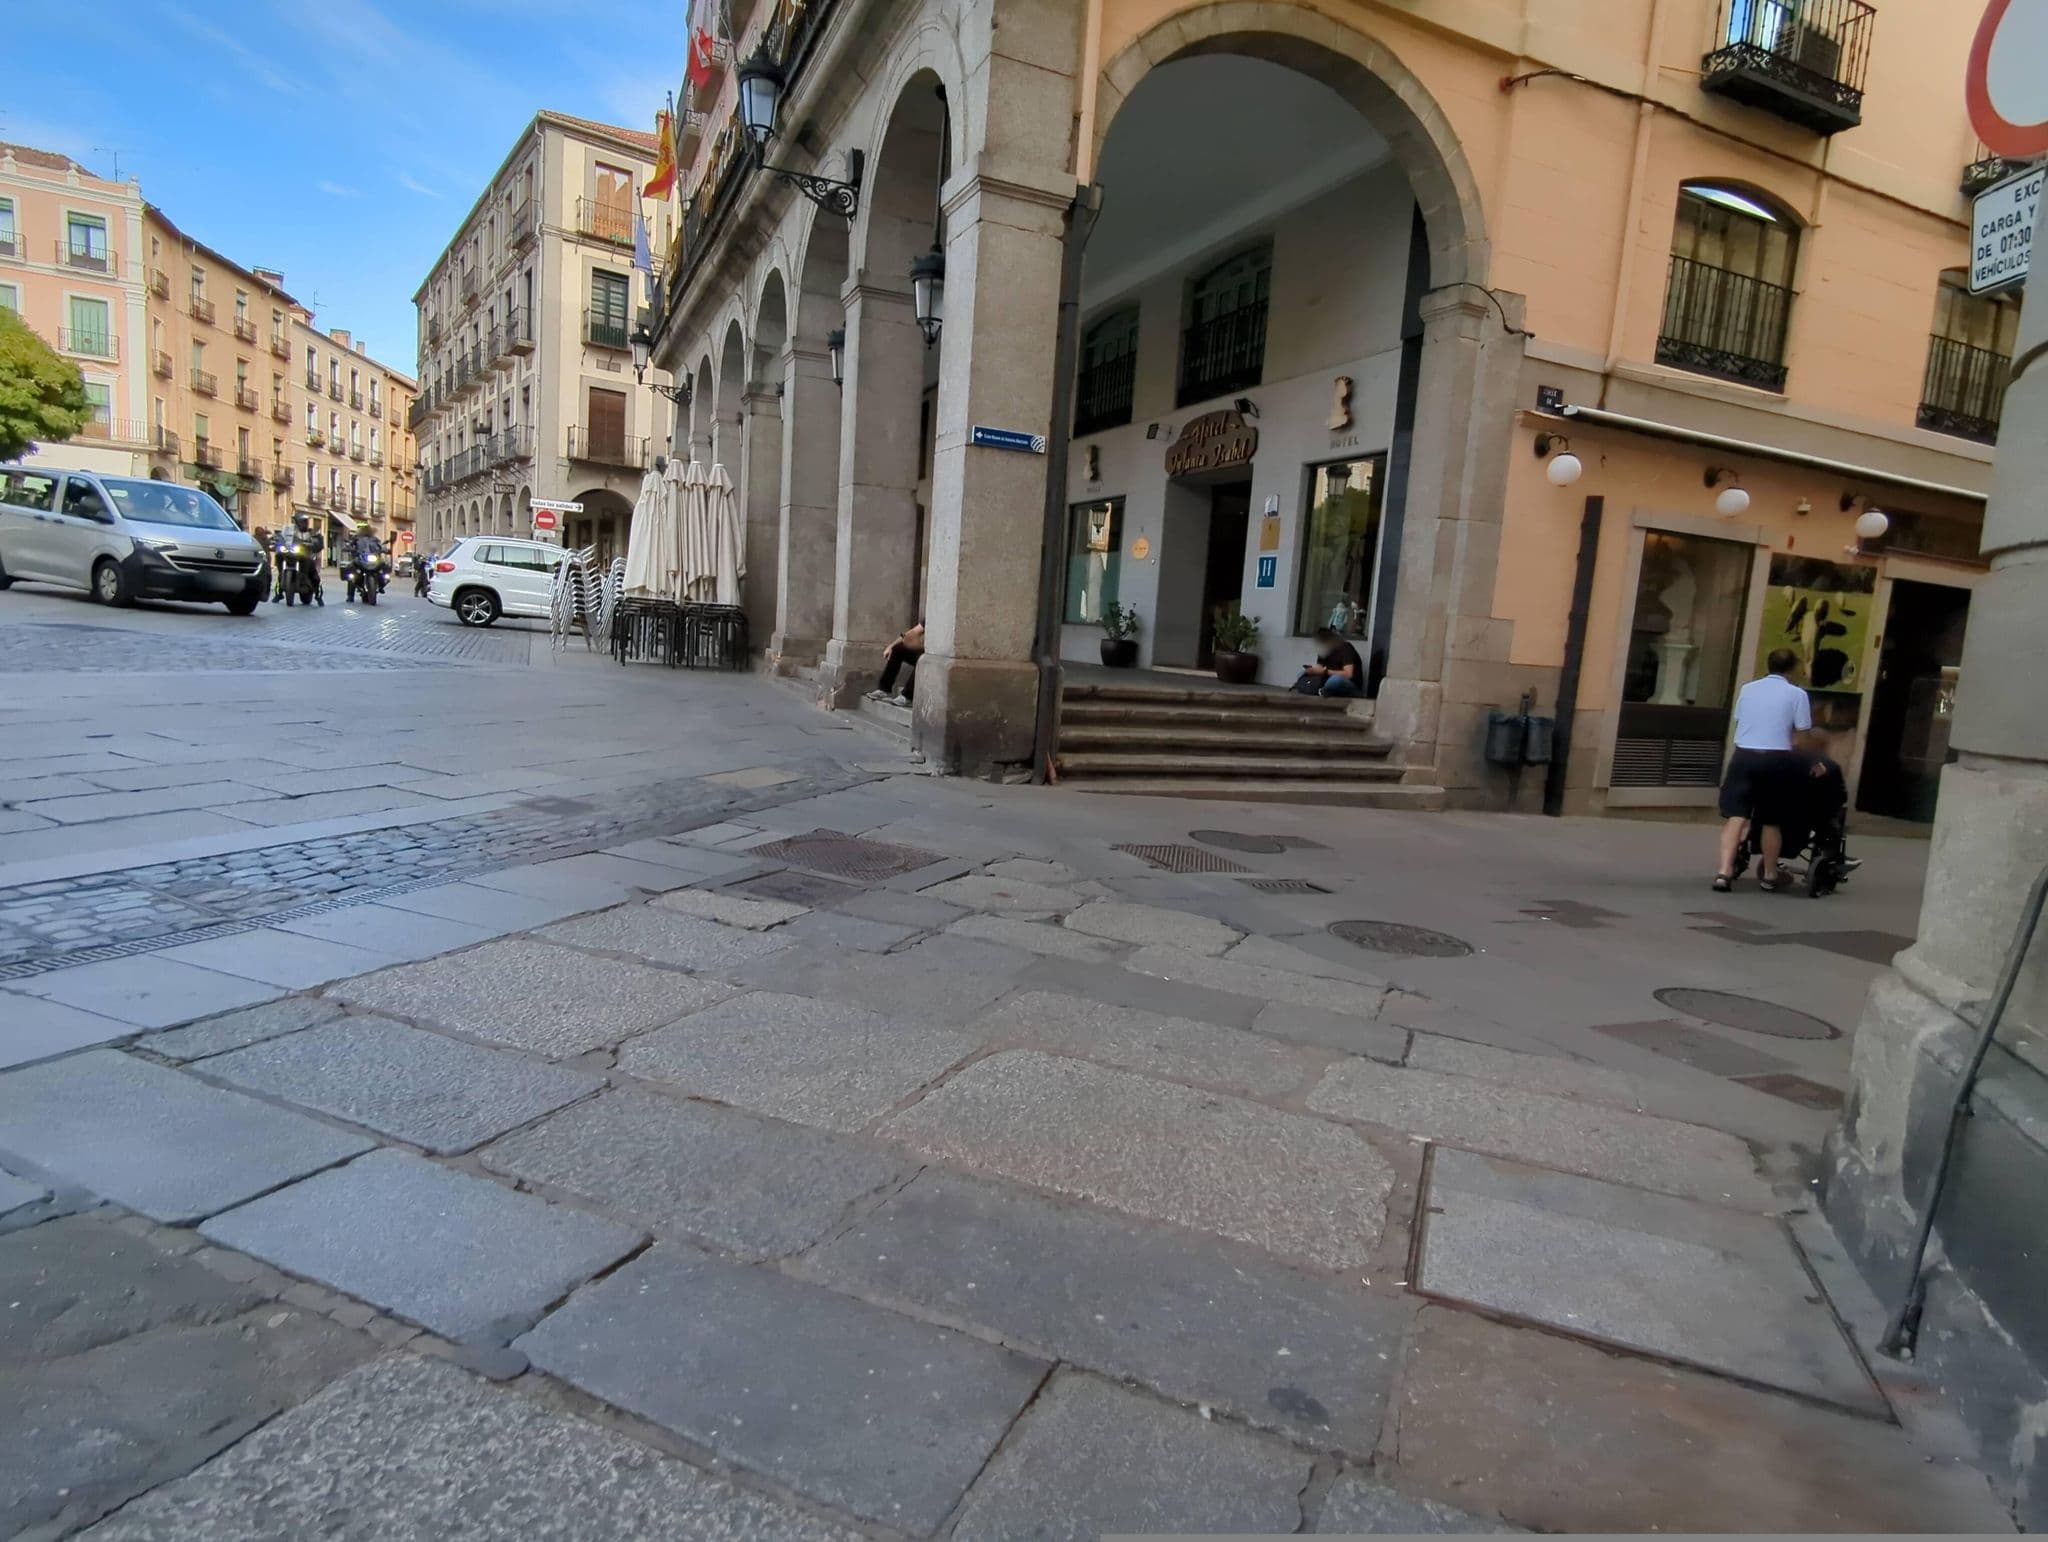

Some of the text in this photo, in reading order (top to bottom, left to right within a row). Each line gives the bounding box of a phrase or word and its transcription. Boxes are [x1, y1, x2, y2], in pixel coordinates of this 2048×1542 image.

[2014, 176, 2046, 203] EXC
[1981, 203, 2036, 239] CARGA Y
[1977, 226, 2031, 261] DE 07:30
[1975, 250, 2031, 281] VEHÍCULOS

Exercise aim:
Once the pictures are set aside, retype the rest of the listing exactly.

Solution to this problem:
Some of the text in this photo, in reading order (top to bottom, left to right within a row). Each line gives the bounding box of a phrase or word and its transcription. Boxes are [x1, y1, x2, y2], in pixel coordinates of this 2048×1542 image.

[2014, 176, 2046, 203] EXC
[1981, 203, 2036, 239] CARGA Y
[1977, 226, 2031, 261] DE 07:30
[1975, 250, 2031, 281] VEHÍCULOS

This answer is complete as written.